Over the last few decades, Californians have seen crime spike upwards to crisis levels and then decline just as sharply.

Their attitudes about crime have been just as volatile, translating into ever-changing waves of policy.

When crime rates were rising in the 1970s and 1980s, it became the state’s No. 1 political issue. Republicans used it to win elections and Democrats responded with a slew of anti-crime bills, many of them signed by Jerry Brown during his first governorship, that created new crimes and increased penalties for old offenses.

The crime issue’s potency continued well into the 1990s, symbolized by voter approval of a “three strikes and you’re out” law aimed at repeat felons. Prison populations exploded, eventually increasing eight-fold.

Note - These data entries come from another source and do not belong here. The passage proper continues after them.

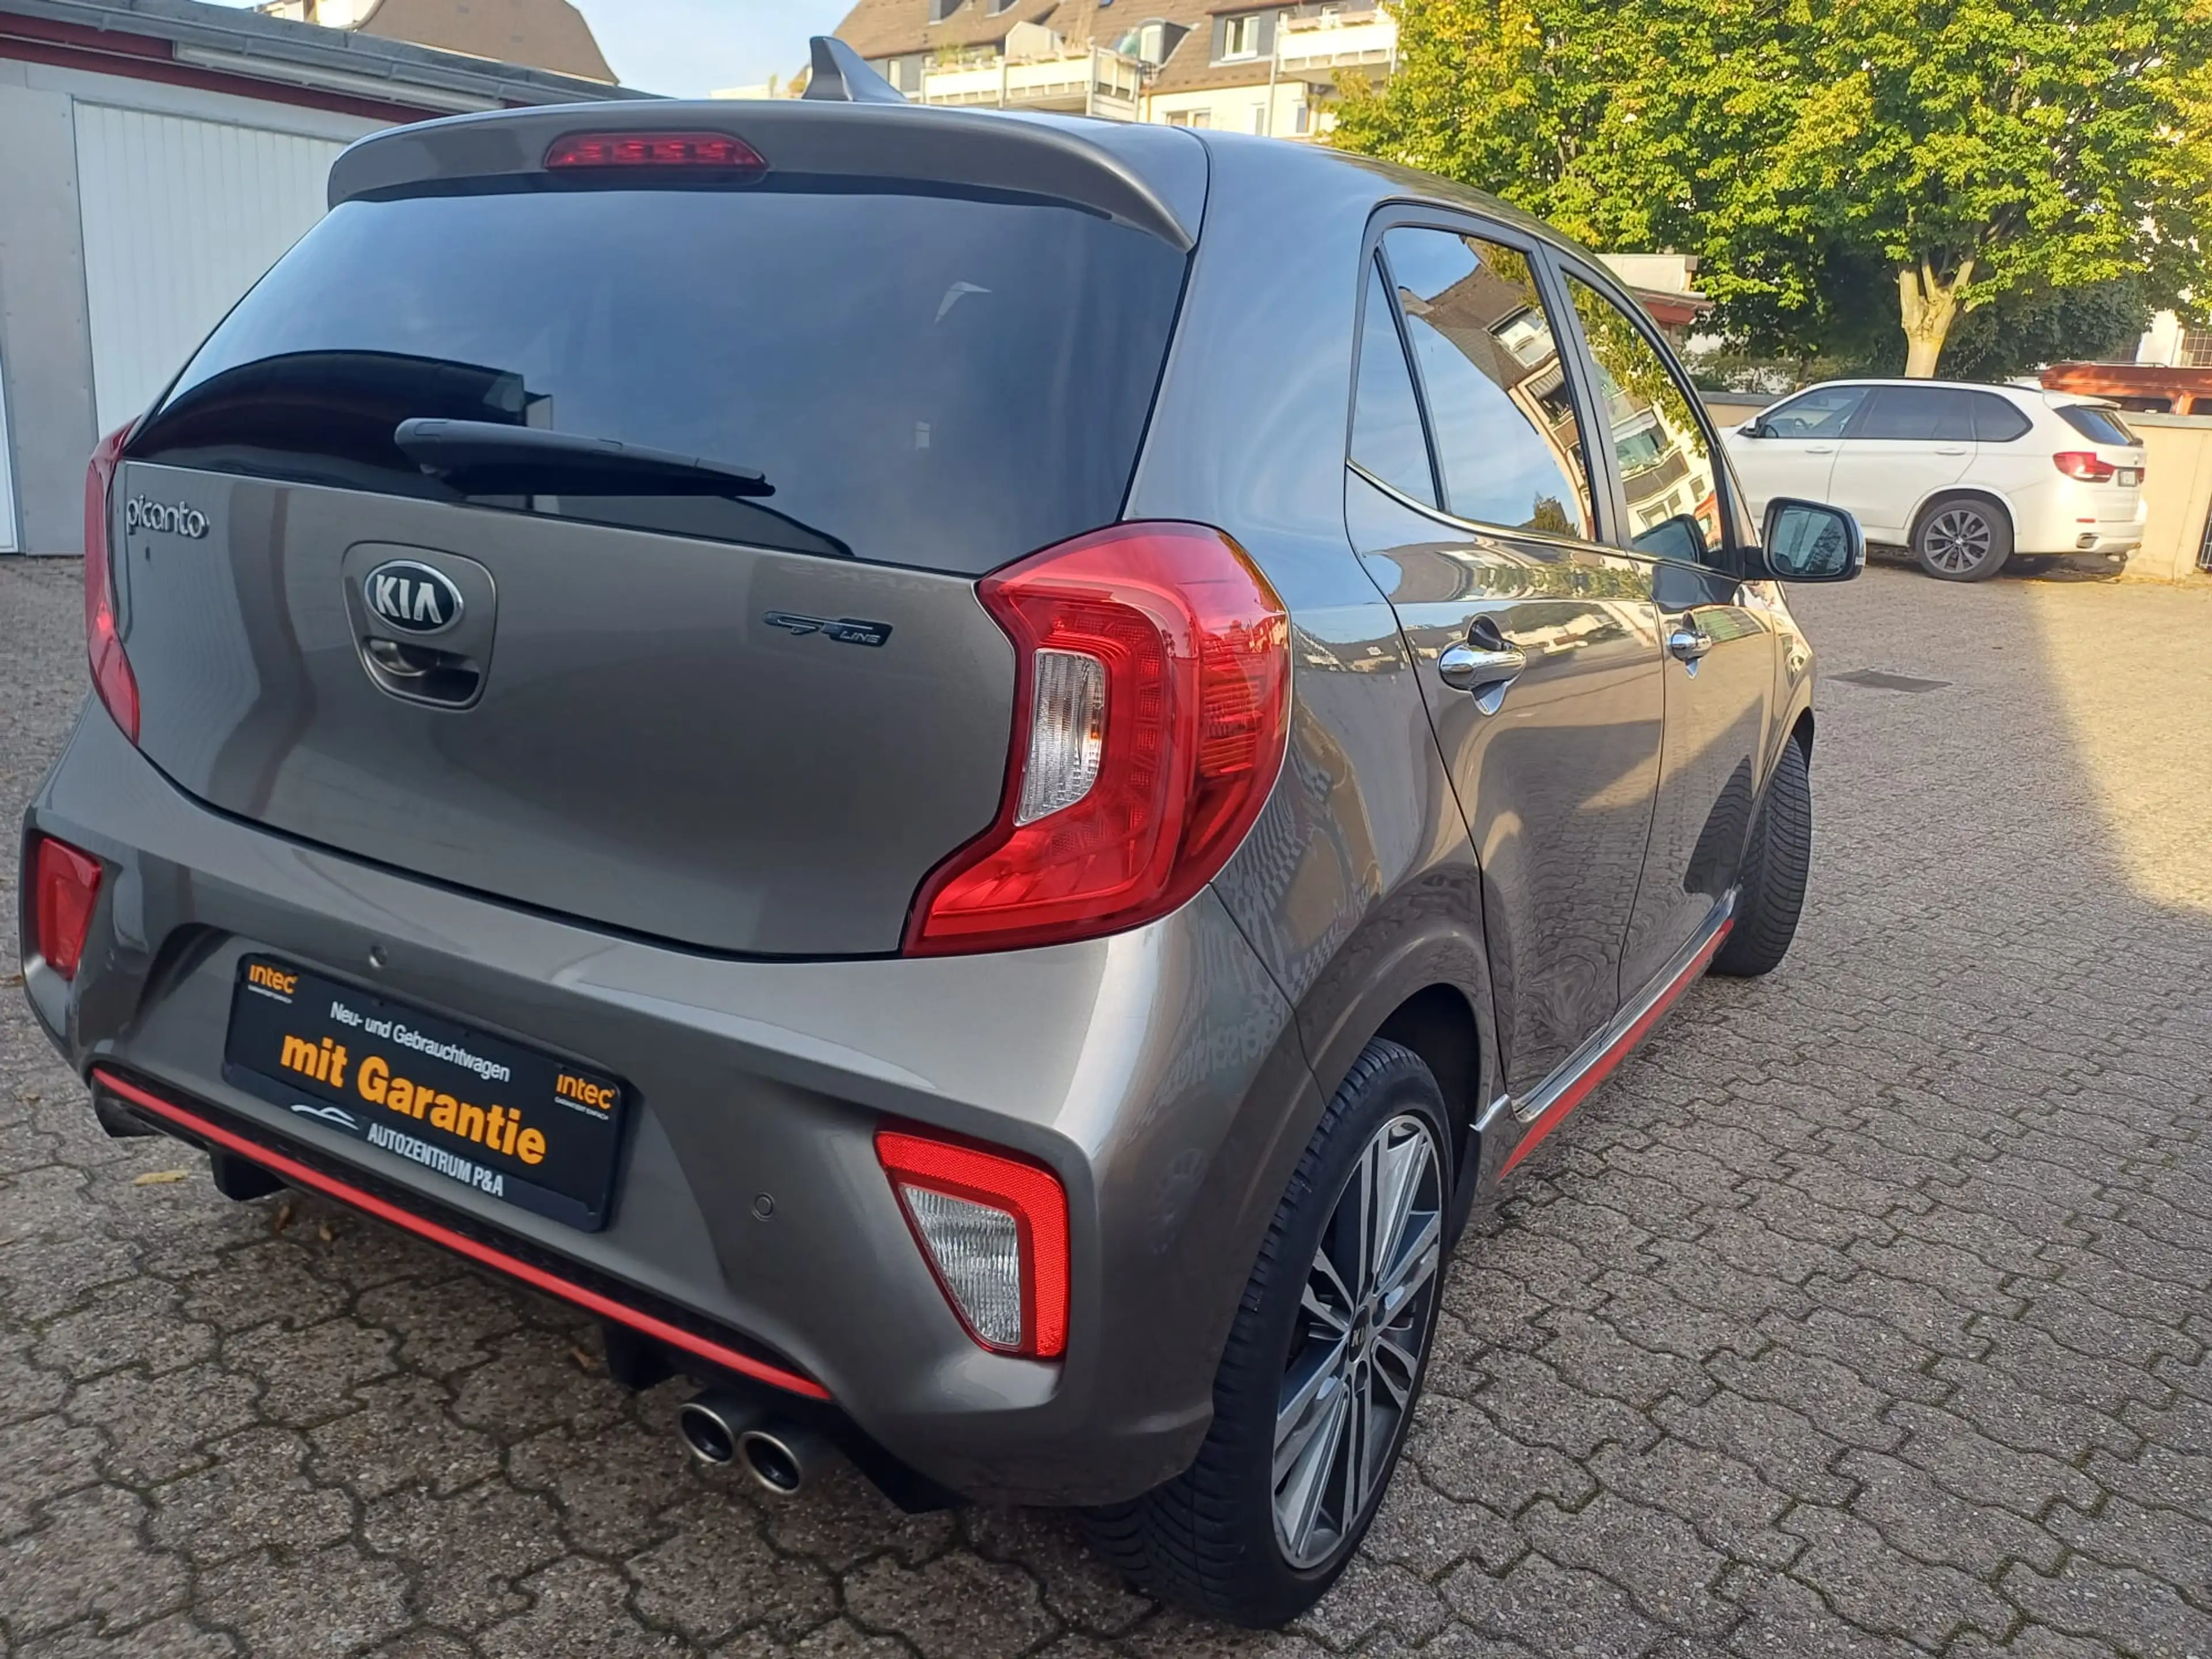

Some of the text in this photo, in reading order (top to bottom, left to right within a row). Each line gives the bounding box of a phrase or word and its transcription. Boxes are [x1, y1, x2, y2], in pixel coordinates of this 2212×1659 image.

[127, 495, 210, 538] picanto
[376, 574, 443, 624] KIA
[839, 631, 881, 644] LINE
[249, 964, 295, 994] intec
[330, 1001, 510, 1082] Neu- und Gebrauchtwagen
[281, 1035, 546, 1165] mit Garantie
[556, 1074, 613, 1109] intec
[367, 1123, 503, 1197] AUTOZENTRUM P&A

However, rates of violent crime peaked in the early 1990s and began a long descent – why is still being debated – and simultaneously, the state’s political orientation shifted leftward. In this decade a new generation of liberal legislators and an old governor – Jerry Brown – have been dismantling the tough penal policies of the earlier era, arguing that they disproportionately targeted the poor and the non-white and failed to rehabilitate offenders.

Federal court orders to decrease prison overcrowding provided another rationale for legislative measures and ballot measures, including one that Brown personally sponsored in 2016, that have completely transformed criminal justice policy.

Many law enforcement officials see what’s happened as going too far, putting too many offenders back on the street to commit new crimes. And voters will be asked to once again reverse course with two 2020 ballot measures.

One would indirectly revise Brown’s 2016 measure, which he said would keep violent offenders behind bars while giving non-violent felons a pathway to an earlier release.

The initiative, dubbed the “Reducing Crime and Keeping California Safe Act of 2020,” was originally intended for the 2018 ballot, but its signatures were not validated in time to make it. Sponsors – law enforcement and local government officials, primarily – say Brown’s measure allows many violent offenders to be labeled as non-violent, so the new proposal would expand the list of offenses deemed to be violent.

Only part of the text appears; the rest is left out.